Common Vulnerabilities and Exposures assigned an identifier CVE-2009-0934 to the following vulnerability: Name: CVE-2009-0934 URL: http://cve.mitre.org/cgi-bin/cvename.cgi?name=CVE-2009-0934 Assigned: 20090317 Reference: MLIST:[oss-security] 20090316 CVE request: XSS in MUC logs of ejabberd Reference: URL: http://www.openwall.com/lists/oss-security/2009/03/16/1 Reference: CONFIRM: http://www.process-one.net/en/ejabberd/release_notes/release_note_ejabberd_204 Reference: BID:34133 Reference: URL: http://www.securityfocus.com/bid/34133 Reference: SECUNIA:34340 Reference: URL: http://secunia.com/advisories/34340 Cross-site scripting (XSS) vulnerability in ejabberd before 2.0.4 allows remote attackers to inject arbitrary web script or HTML via unknown vectors related to links and MUC logs.

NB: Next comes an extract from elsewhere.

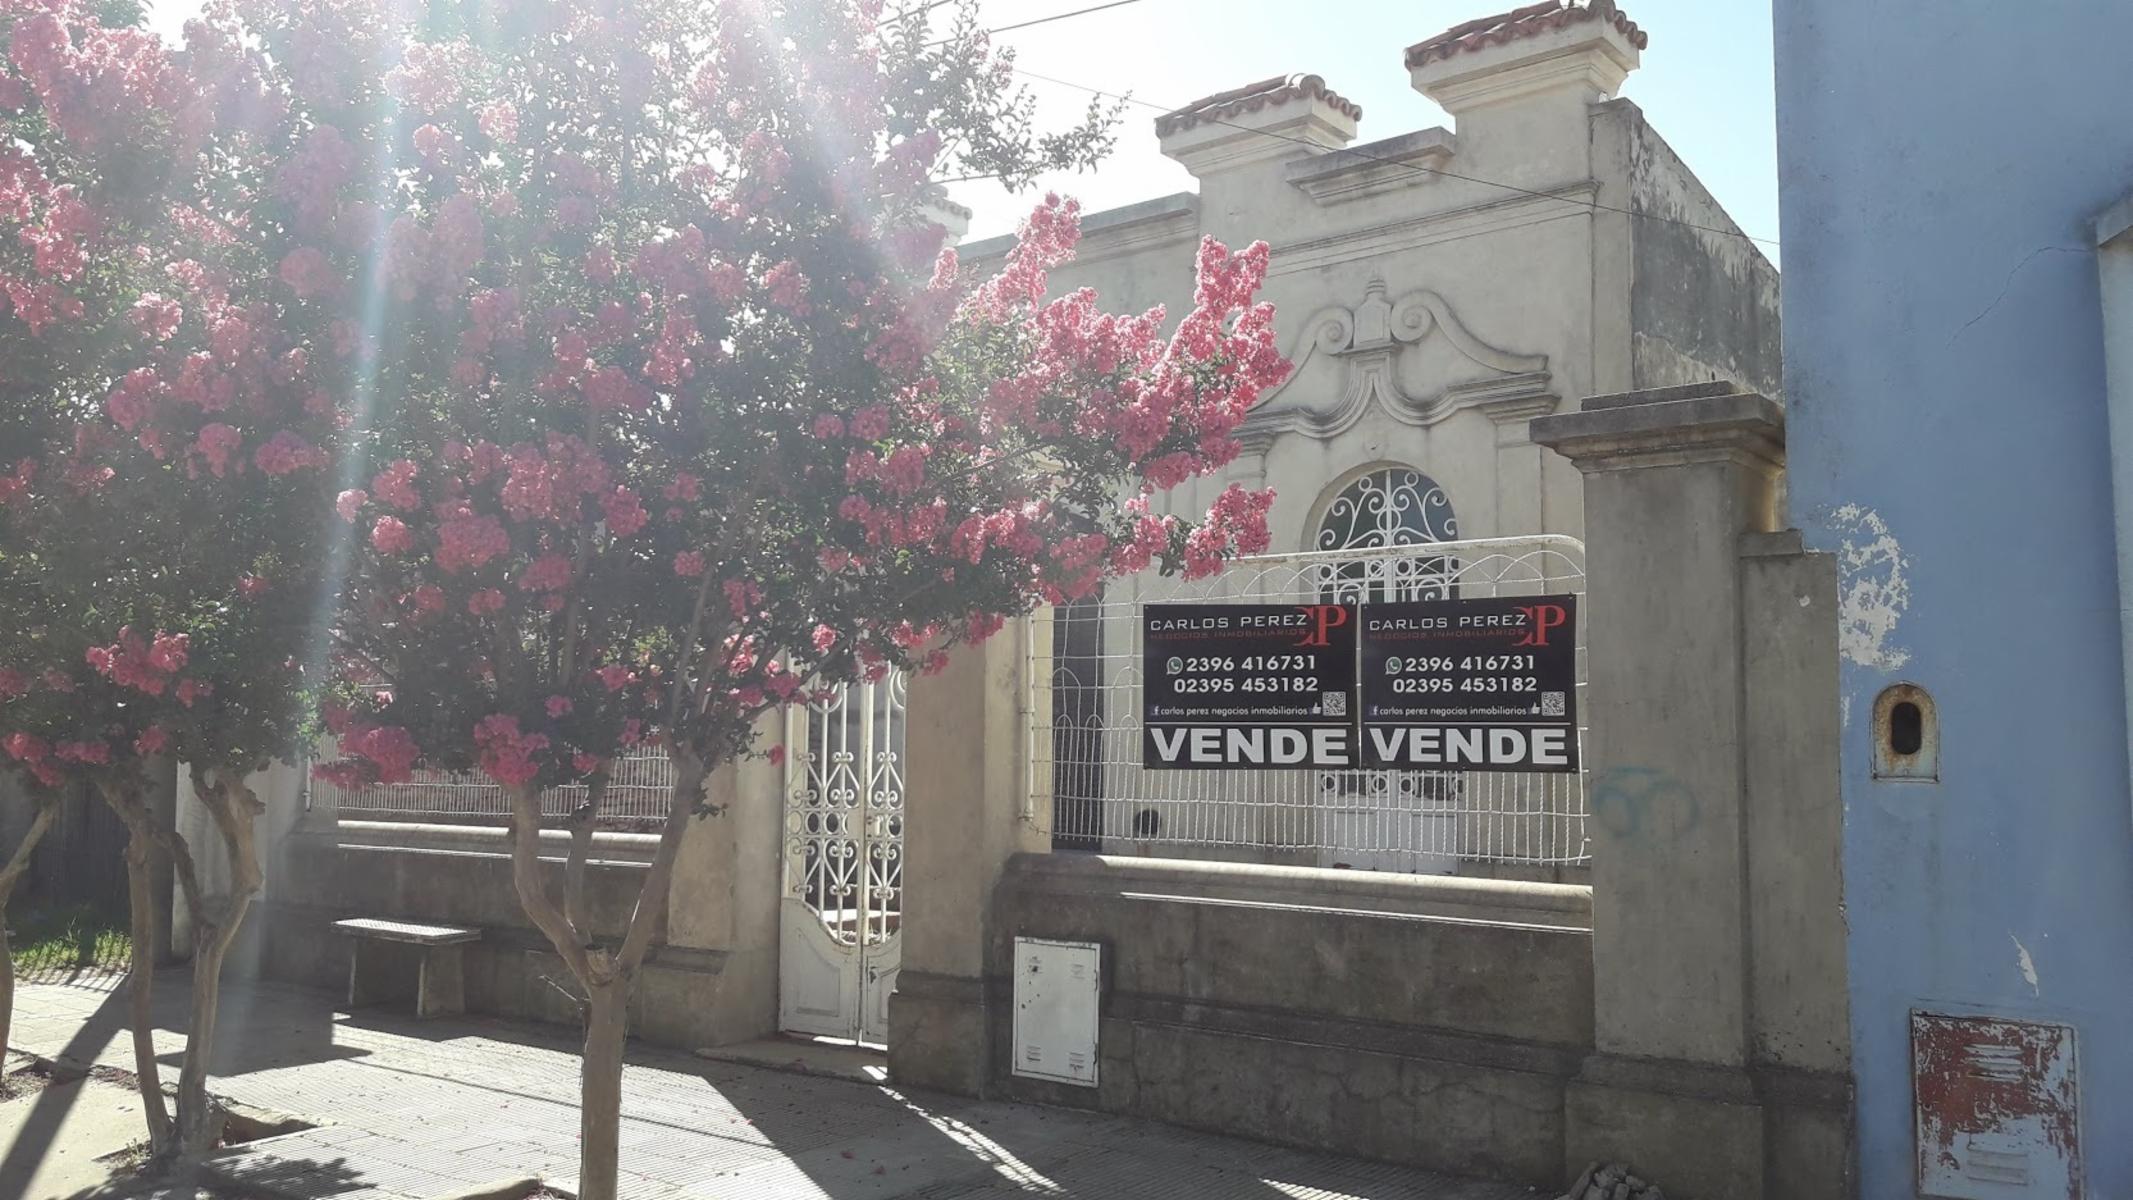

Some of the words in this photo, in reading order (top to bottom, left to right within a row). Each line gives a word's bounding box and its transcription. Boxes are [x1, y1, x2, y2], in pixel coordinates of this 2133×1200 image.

I see that 2.0.4 is in testing and rawhide, so it just needs to be pushed to stable/updates for this to be corrected.
ejabberd-2.0.4-1.fc9 has been pushed to the Fedora 9 stable repository. If problems still persist, please make note of it in this bug report.
ejabberd-2.0.4-1.fc10 has been pushed to the Fedora 10 stable repository. If problems still persist, please make note of it in this bug report.
Ok, pushed to Fedora repositories. I'm closing this ticket.